Roy Langbord said he suspected something sinister was afoot when, in 2004, with Mint and Secret Service officials present along with his dad and Berke, he noted that the removal of each of the 10 coins from the envelopes was being videotaped, before the coins’ inspection and documenting. Not long after, one of the Secret Service agents approached him and began reading him his rights.
Langbord said legal pressure was being exerted for the coins to be turned over to authorities for the authentication process. The coins were turned over to the Mint through the Secret Service, but with the family’s stipulation that custody was for the limited purpose of authentication.

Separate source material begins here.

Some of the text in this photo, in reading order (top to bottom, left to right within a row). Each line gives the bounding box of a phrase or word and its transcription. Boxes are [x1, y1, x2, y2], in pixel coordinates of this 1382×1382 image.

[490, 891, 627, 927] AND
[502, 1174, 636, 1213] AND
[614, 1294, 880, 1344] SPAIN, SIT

As court proceedings evolved, Langbord said, it quickly became clear that his family would likely have a difficult time succeeding in their pursuit of the 10 coins’ return.

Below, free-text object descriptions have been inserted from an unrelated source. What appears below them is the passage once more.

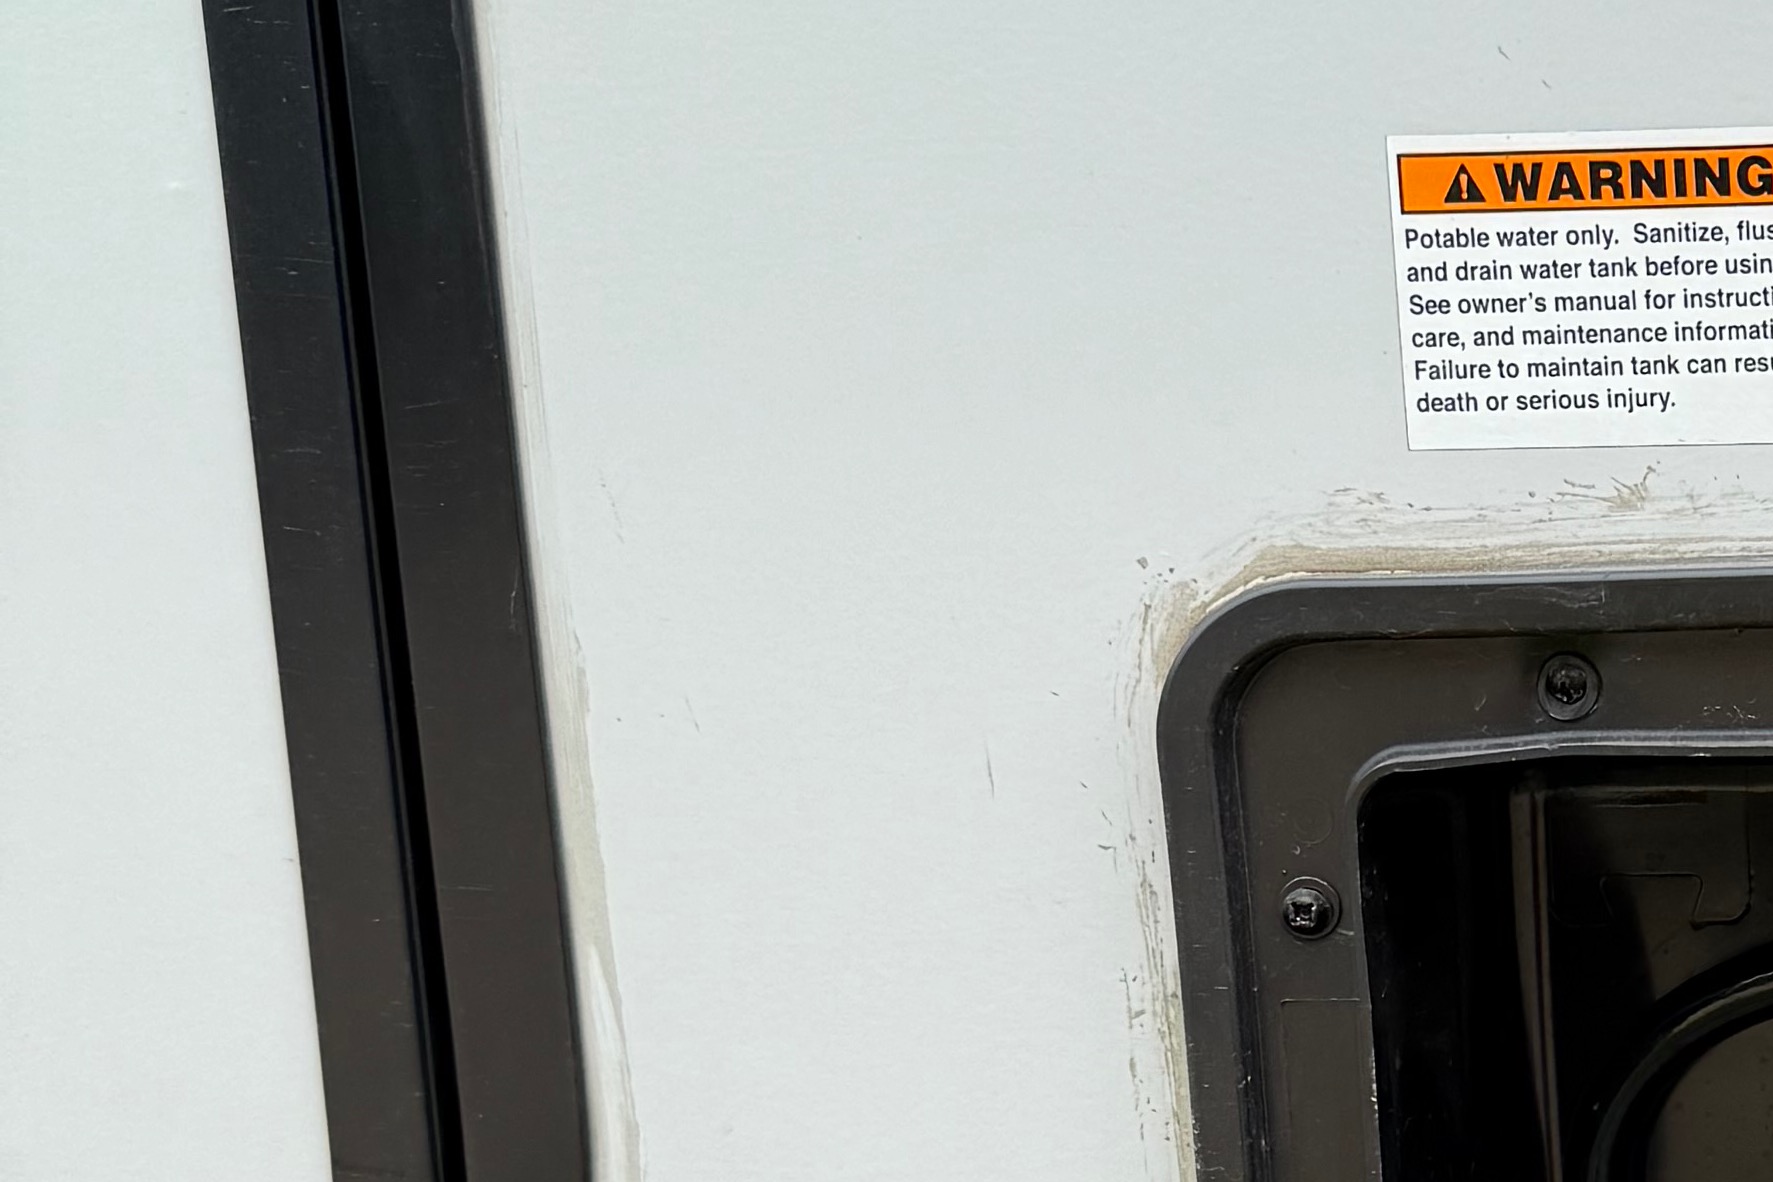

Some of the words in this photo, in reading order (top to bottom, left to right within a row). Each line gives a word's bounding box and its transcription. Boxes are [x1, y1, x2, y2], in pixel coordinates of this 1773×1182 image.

[1404, 227, 1490, 250] Potable
[1495, 227, 1559, 247] water
[1565, 224, 1619, 251] only.
[1633, 221, 1730, 246] Sanitize,
[1407, 260, 1448, 283] and
[1455, 259, 1513, 282] drain
[1519, 259, 1582, 280] water
[1588, 256, 1638, 279] tank
[1645, 255, 1718, 277] before
[1409, 294, 1451, 316] See
[1457, 291, 1547, 315] owner's
[1554, 289, 1637, 313] manual
[1643, 288, 1676, 311] for
[1411, 331, 1466, 351] care,
[1473, 325, 1515, 347] and
[1522, 323, 1668, 346] maintenance
[1414, 359, 1492, 381] Failure
[1497, 359, 1520, 379] to
[1527, 355, 1624, 378] maintain
[1630, 354, 1680, 377] tank
[1687, 357, 1727, 375] can
[1416, 391, 1478, 413] death
[1485, 395, 1509, 412] or
[1516, 388, 1600, 411] serious
[1607, 387, 1676, 414] injury.

Langbord said he and his family would not agree to participate in a 2005 press conference announcing the discovery of the coins by the Langbords and what Mint officials referred to as a “recovery.” The U.S. Mint retained possession of the coins until Aug. 11, 2005, when officials announced to the public the bureau’s “recovery” of the 10 1933 gold coins.

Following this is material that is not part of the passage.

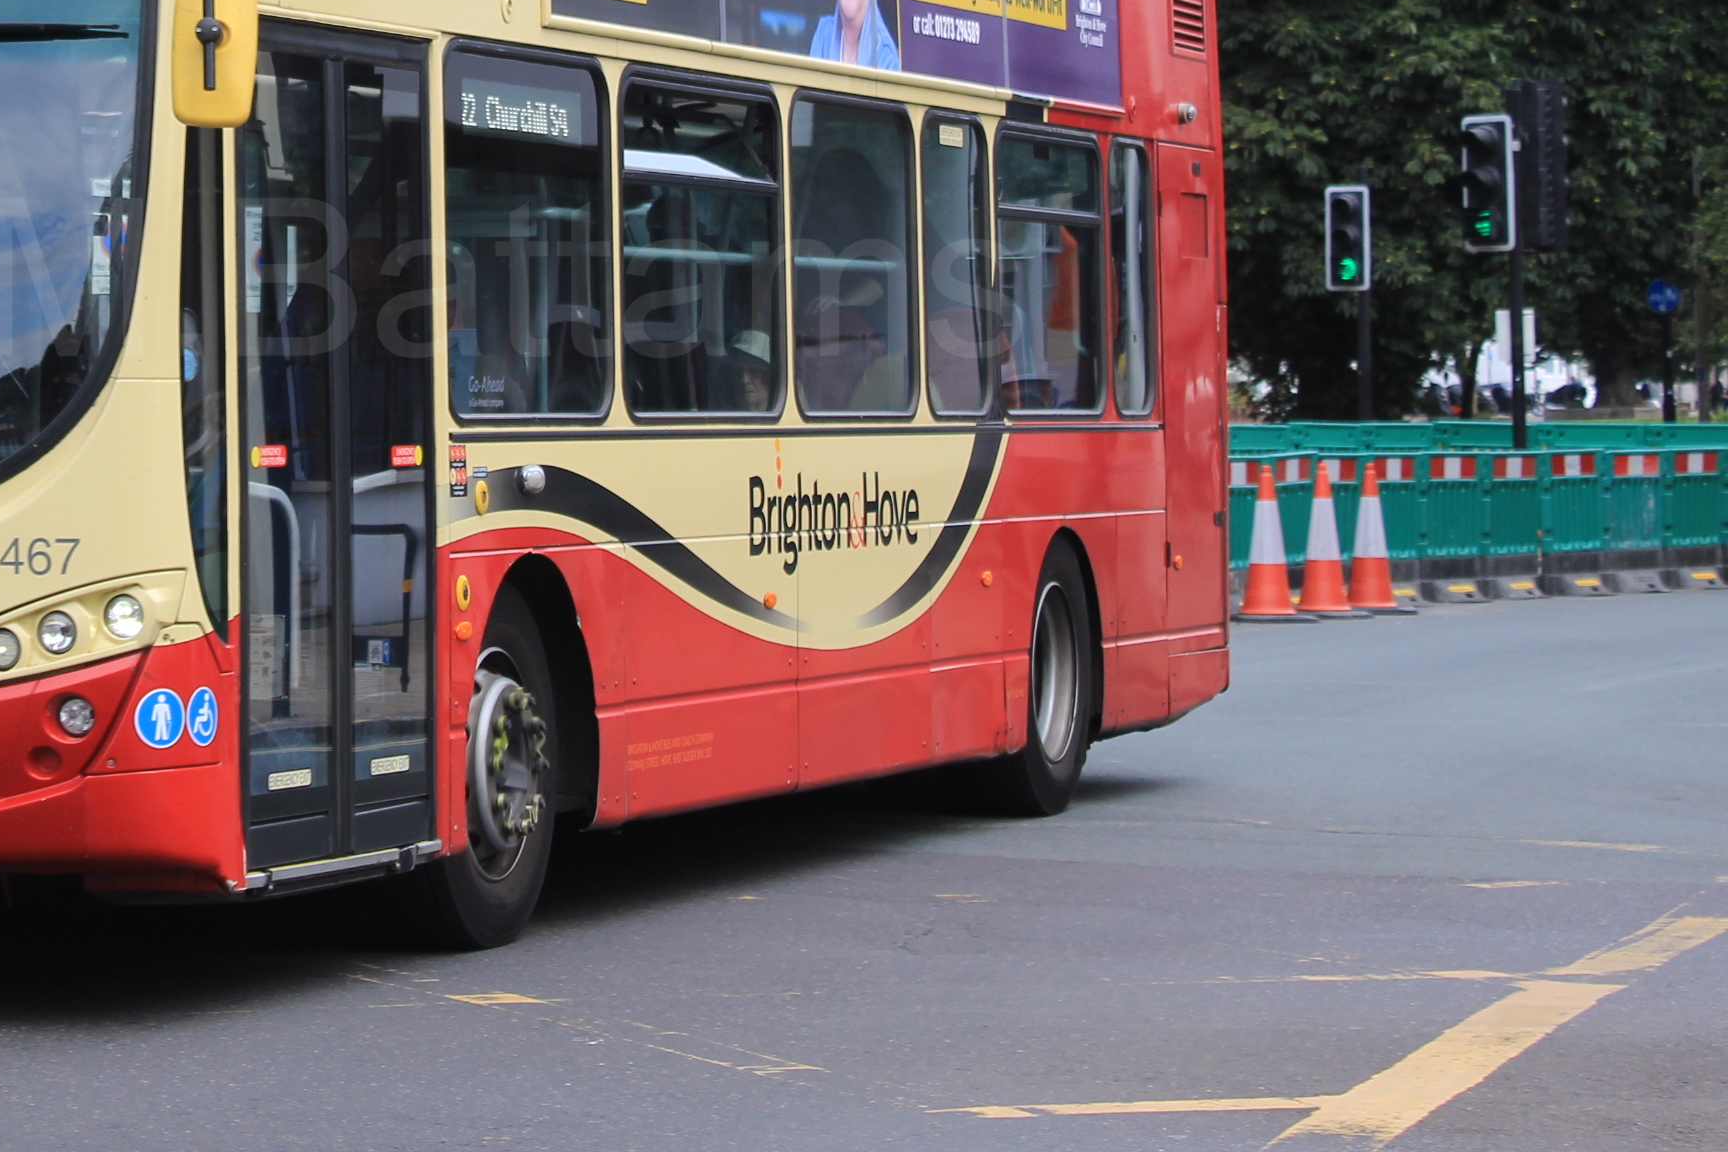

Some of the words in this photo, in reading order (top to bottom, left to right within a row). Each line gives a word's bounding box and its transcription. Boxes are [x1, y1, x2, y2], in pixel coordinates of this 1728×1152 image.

[913, 16, 920, 34] or
[921, 13, 934, 37] call:
[934, 14, 955, 40] 01273
[468, 375, 504, 393] Go-Ahead

Mint officials do not consider the 10 gold pieces to be “coins,” under government claims they were never officially released as such, thus none of the 10 double eagles will be monetized as legal tender as was done for the single example sold in 2002. Many numismatists dispute the Mint’s claims that the double eagles even had to be “monetized,” given how coins were distributed in the 1930s.
During the course of court proceedings, Langbord said, it became painfully obvious that U.S. Mint records were woefully incomplete, and those documents that did exist raised red flags.“It seems like the documents were created to make it look like nothing was missing and that nobody did anything wrong,” he said.
The Secret Service, Roy said, had not been actively seeking out the existence of any 1933 double eagles for some six decades until the Langbords’ case was brought to them.
In 2006, the Mint used the 10 coins as the centerpiece of an exhibit during the American Numismatic Association World’s Fair of Money in Denver. The Langbords expressed their objection to the display to both Mint and ANA officials. “We were disgusted and disappointed,” Roy Langbord said. “The exhibit was a clear violation of the rules of seizure.”
Langbord said it was also a violation when it was reported that Numismatic Guaranty Corp. had graded the coins, a notification that was quickly removed from the grading service’s website.
There is evidence that other examples of 1933 double eagles exist beyond the two in the National Numismatic Collection in the Smithsonian Institution’s National Museum of American History and the purported Farouk coin and the 10 Langbord coins. Langbord added: “I think everyone knows that there are others out there. They will surface again.”
At least one dealer active in the business today has said he participated in the sale of one that is not among the 13 identified pieces.
In retrospect, based on the events that unfolded, “we should have sold some of them and put others in museums,” Roy Langbord said. “We should never have turned them over to the Mint. They just took our property and ran.”
What advice would he give to anyone with a genuine 1933 double eagle in their possession?
“The last thing to do is inform the Mint,” he said. “Enjoy the unique piece as long as you can.
“And if you want to sell it, do it outside the borders of the United States.”